§ **Task prompt**: When you copy the material below, keep every line exact and drop the pictures.
········
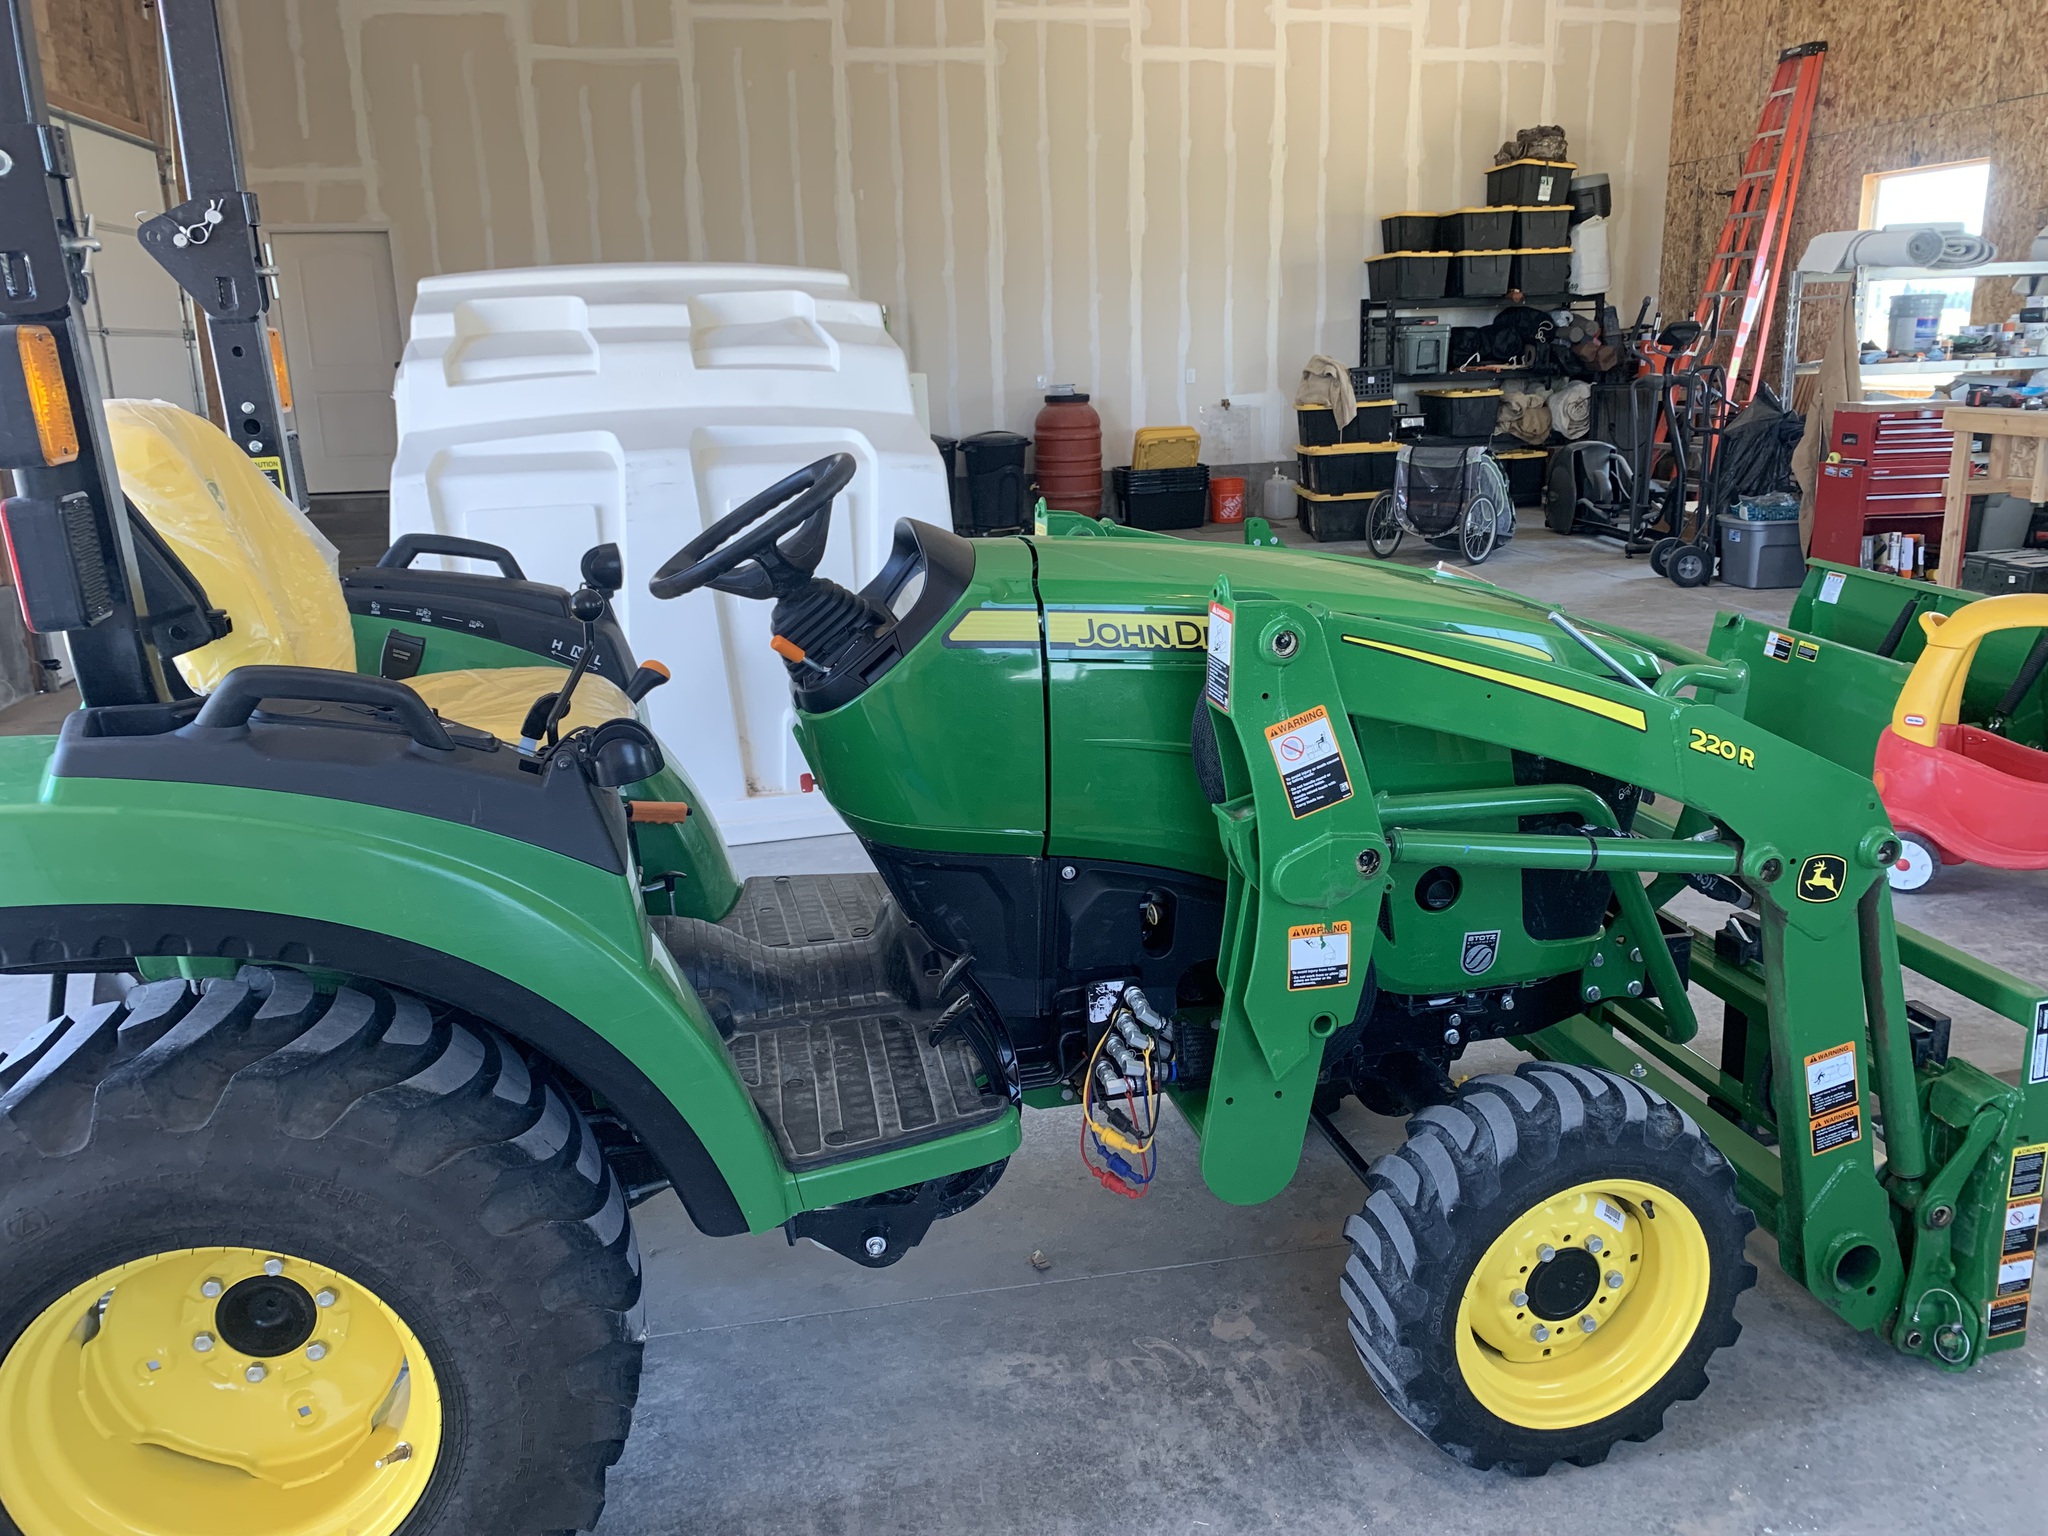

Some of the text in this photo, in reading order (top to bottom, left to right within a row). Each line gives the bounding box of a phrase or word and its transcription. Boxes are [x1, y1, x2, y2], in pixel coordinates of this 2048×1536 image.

[1078, 618, 1170, 645] JOHN
[552, 638, 563, 650] H
[594, 654, 601, 666] L
[1278, 708, 1324, 733] WARNING
[1690, 728, 1754, 769] 220 R
[1301, 924, 1347, 936] WARNG
[1818, 1045, 1849, 1060] WARNING
[1824, 1110, 1854, 1124] WARNING
[2022, 1146, 2045, 1154] CAUTION
[2000, 1296, 2026, 1306] WARNING
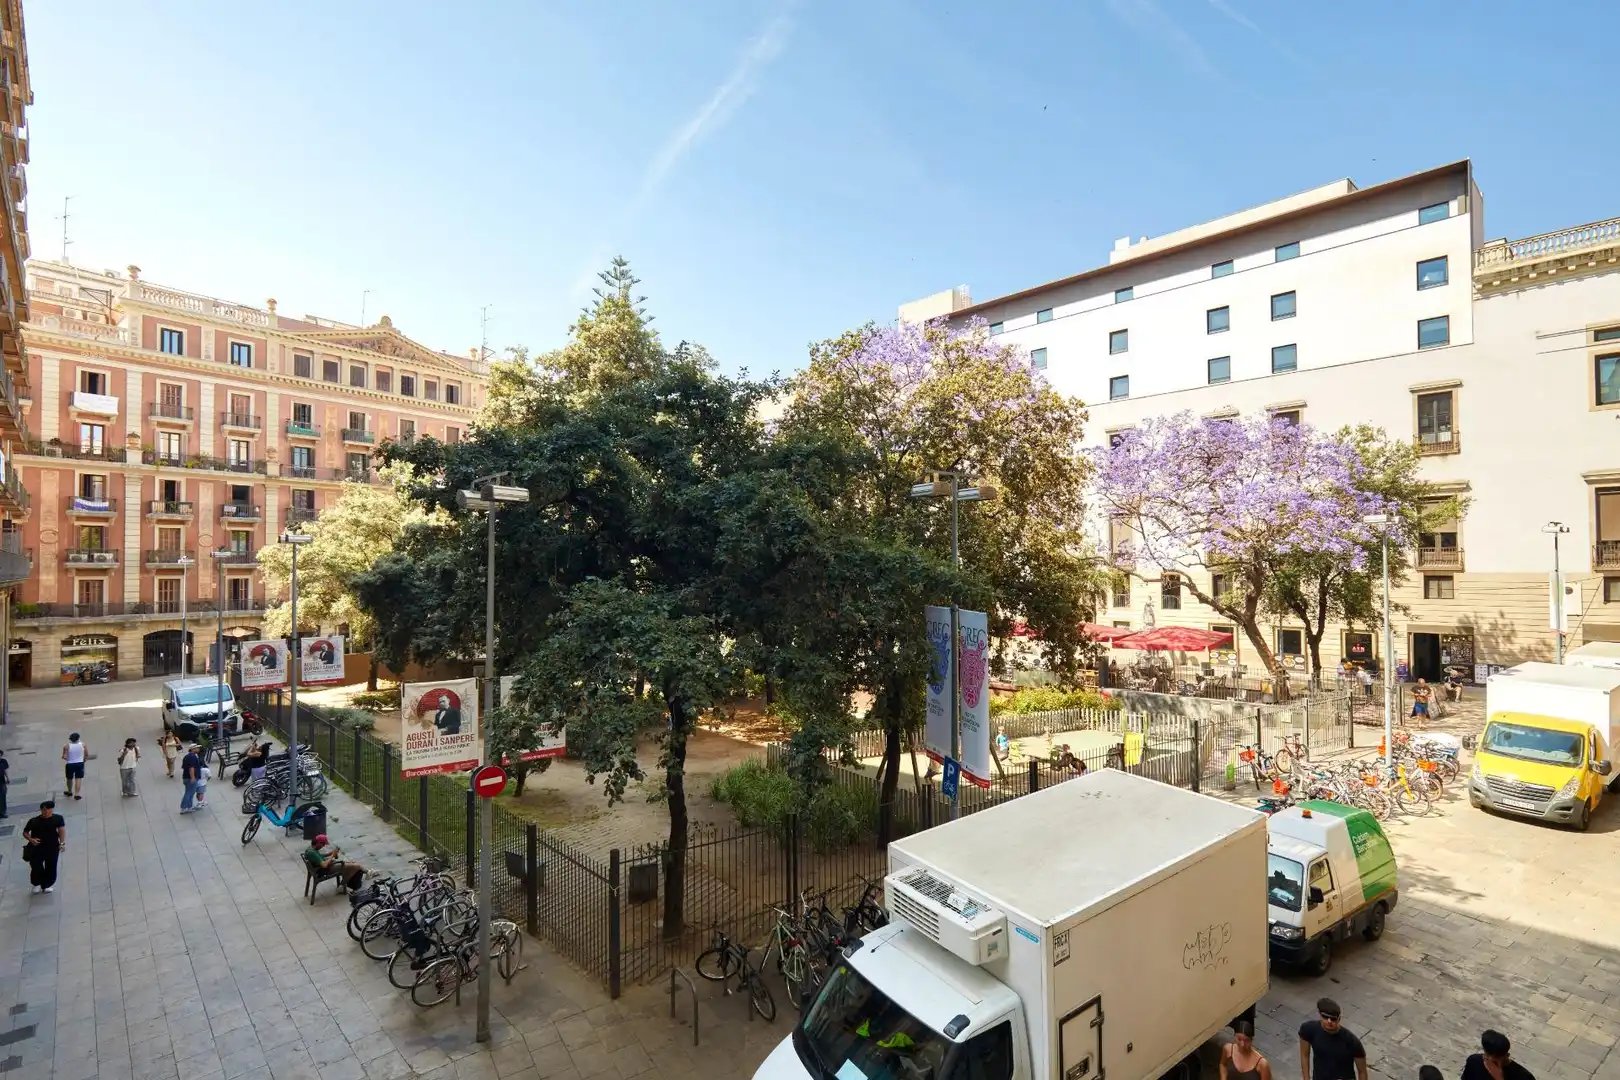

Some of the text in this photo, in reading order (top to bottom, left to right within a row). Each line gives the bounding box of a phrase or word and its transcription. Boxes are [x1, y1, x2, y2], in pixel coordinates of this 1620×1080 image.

[406, 739, 433, 750] DURAN
[440, 734, 474, 745] SANPERE
[406, 768, 438, 777] Barcelona
[947, 763, 955, 777] P
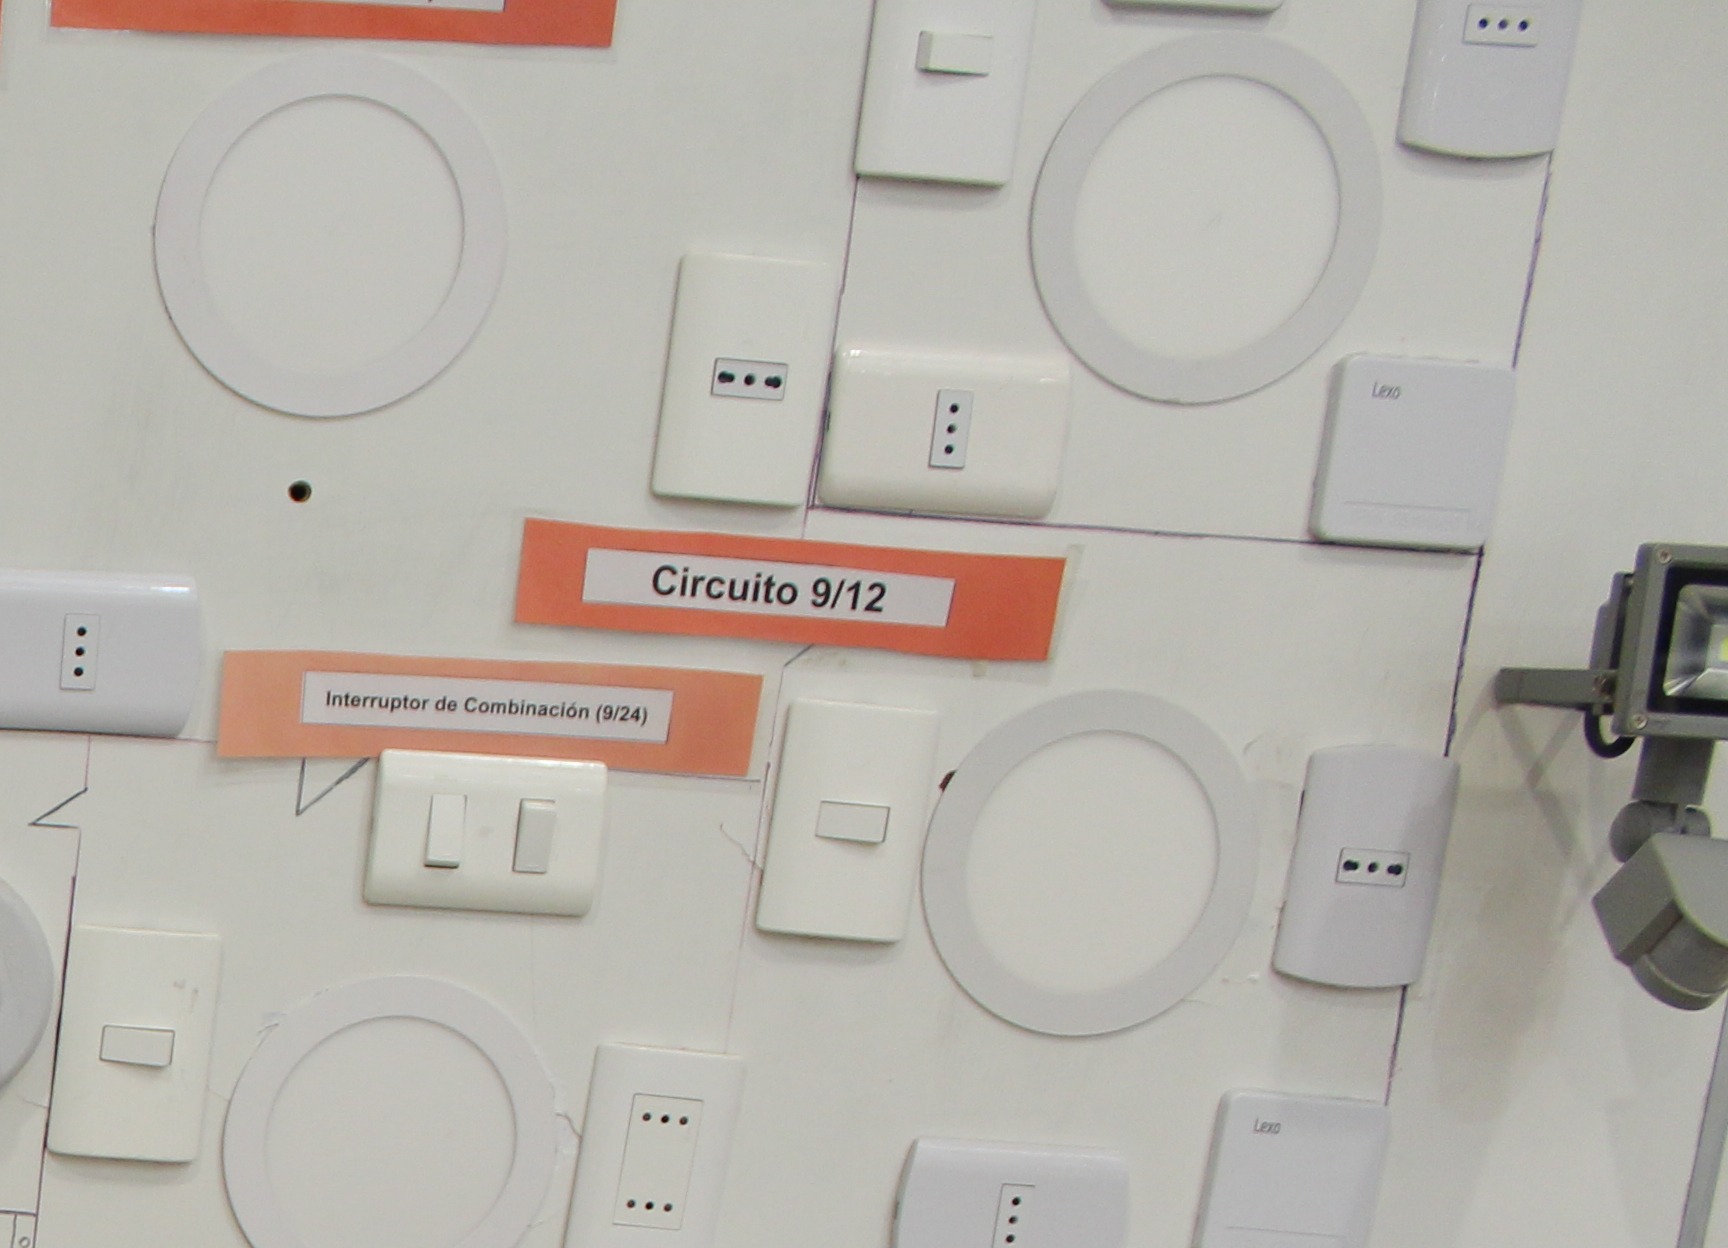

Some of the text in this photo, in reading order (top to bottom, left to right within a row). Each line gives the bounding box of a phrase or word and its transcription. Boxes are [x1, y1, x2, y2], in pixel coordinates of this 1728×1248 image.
········
§ **Written answer**:
Some of the text in this photo, in reading order (top to bottom, left to right within a row). Each line gives the bounding box of a phrase or word and its transcription. Boxes are [x1, y1, x2, y2], in pixel coordinates of this 2048×1536 image.

[1078, 618, 1170, 645] JOHN
[552, 638, 563, 650] H
[594, 654, 601, 666] L
[1278, 708, 1324, 733] WARNING
[1690, 728, 1754, 769] 220 R
[1301, 924, 1347, 936] WARNG
[1818, 1045, 1849, 1060] WARNING
[1824, 1110, 1854, 1124] WARNING
[2022, 1146, 2045, 1154] CAUTION
[2000, 1296, 2026, 1306] WARNING

Some of the text in this photo, in reading order (top to bottom, left to right within a row). Each line gives the bounding box of a phrase or word and its transcription. Boxes are [x1, y1, x2, y2], in pixel coordinates of this 1620×1080 image.

[406, 739, 433, 750] DURAN
[440, 734, 474, 745] SANPERE
[406, 768, 438, 777] Barcelona
[947, 763, 955, 777] P

Some of the text in this photo, in reading order (top to bottom, left to right within a row). Each line gives the bounding box of a phrase or word and its transcription. Boxes are [x1, y1, x2, y2], in pixel coordinates of this 1728×1248 image.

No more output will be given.